I agree with Dr. Pinato. It is a large tumor and we also favor SBRT in smaller lesions that cannot be easily accessed by the interventional radiologist. In this particular case, the patient had already had radiation therapy and TARE, so there is an increased risk of radiation-induced liver disease, which may compromise further treatment.

Professor Vilgrain

This is a very good point.

Professor Tabrizian

We have had select cases with large tumors and portal vein invasion where we did a combination of SBRT and TARE or TACE with good outcomes in terms of controlling the portal vein thrombosis.

Professor Vilgrain

Based on our discussion, we can conclude that SBRT is more debated than other treatments.

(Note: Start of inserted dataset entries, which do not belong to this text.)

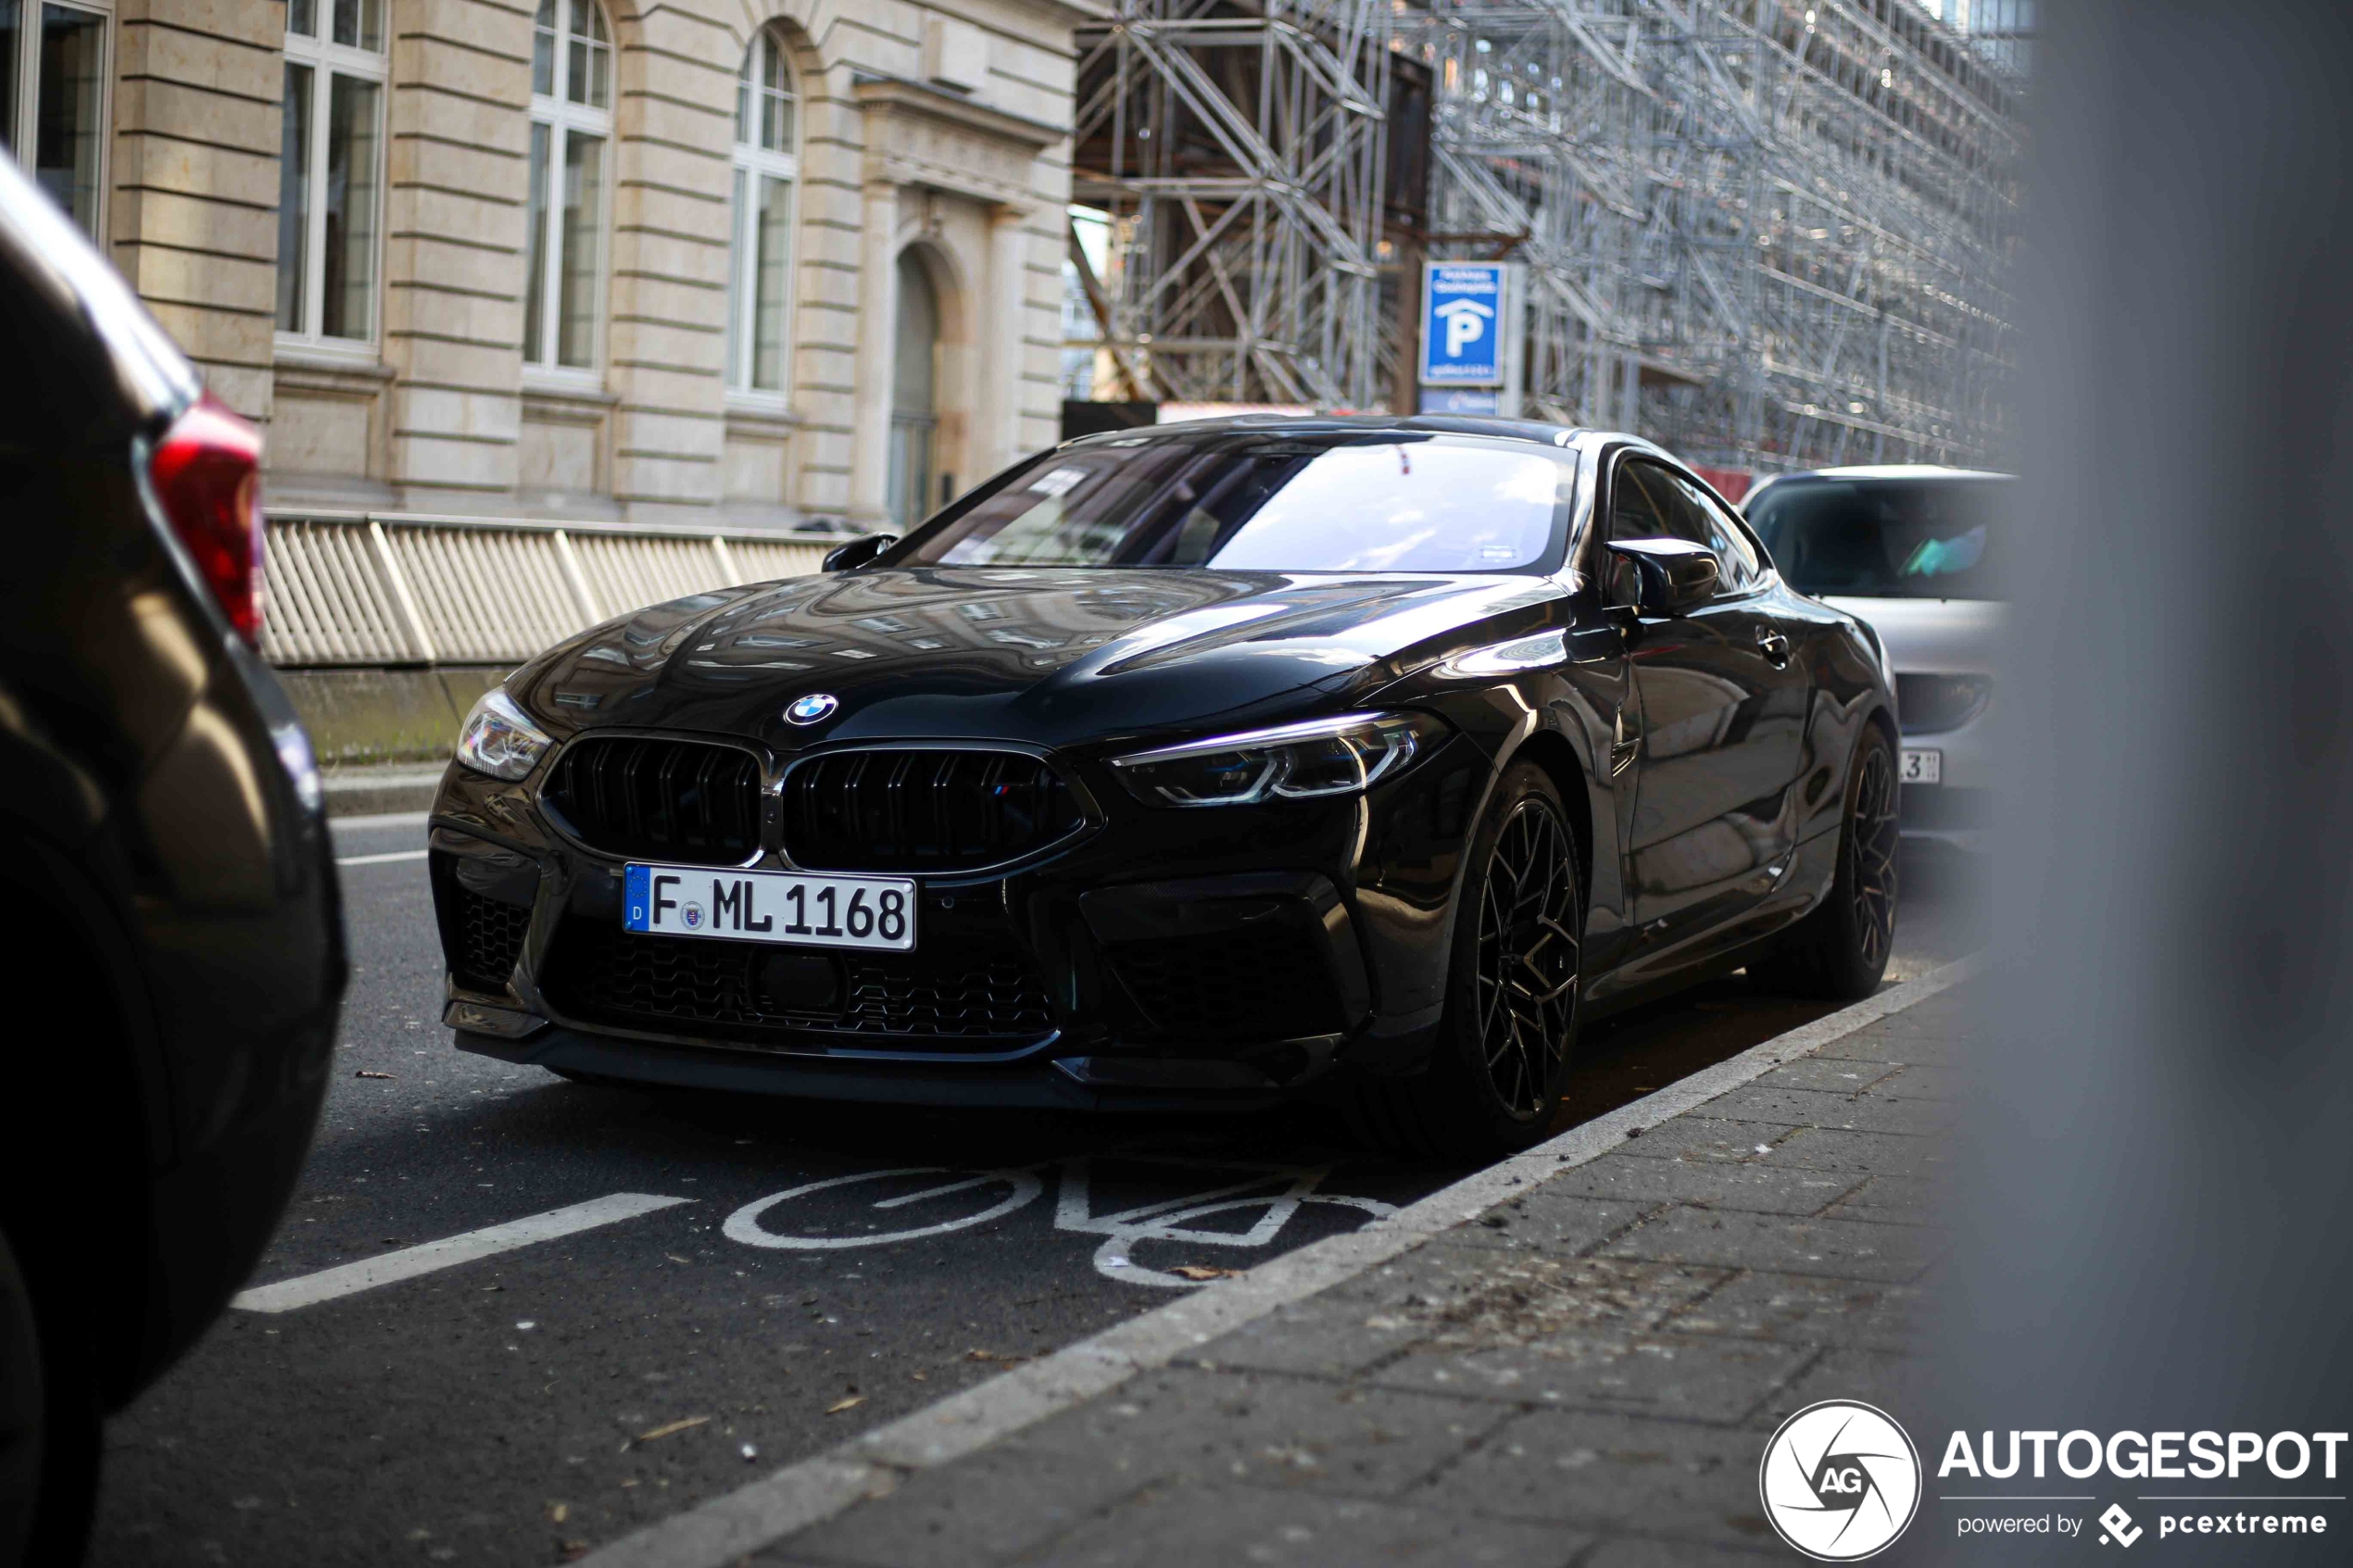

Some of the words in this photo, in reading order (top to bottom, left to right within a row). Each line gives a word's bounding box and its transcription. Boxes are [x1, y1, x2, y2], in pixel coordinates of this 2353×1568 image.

[1446, 312, 1484, 358] P
[633, 906, 642, 920] D
[653, 875, 681, 924] F
[713, 879, 773, 932] ML
[786, 884, 906, 940] 1168

There are certainly cases where SBRT works well, and again these treatments should be discussed during multidisciplinary team sessions. This case also illustrates our initial experience with immune checkpoint inhibitors (such as nivolumab) in patients with advanced/unresectable HCC. In this patient, follow-up post nivolumab therapy demonstrated partial response (Fig. 6).

Fig. 6
figure 6

Follow-up post nivolumab therapy demonstrates partial response. Gadoxetic acid-enhanced T1-weighted images during the arterial (a) and PVP (b) demonstrate partial response with decreased size of the arterially hyperenhancing tumor in right hepatic lobe (right arrow) and near-complete resolution of left hepatic lobe tumor (left arrow). Abbreviation: PVP, portal venous phase

Summary

The 10th Global Forum provided an opportunity for multidisciplinary specialists to discuss their approaches to the management of early-, mid-, and late-stage HCC, in the form of presentations and by discussion of challenging case studies.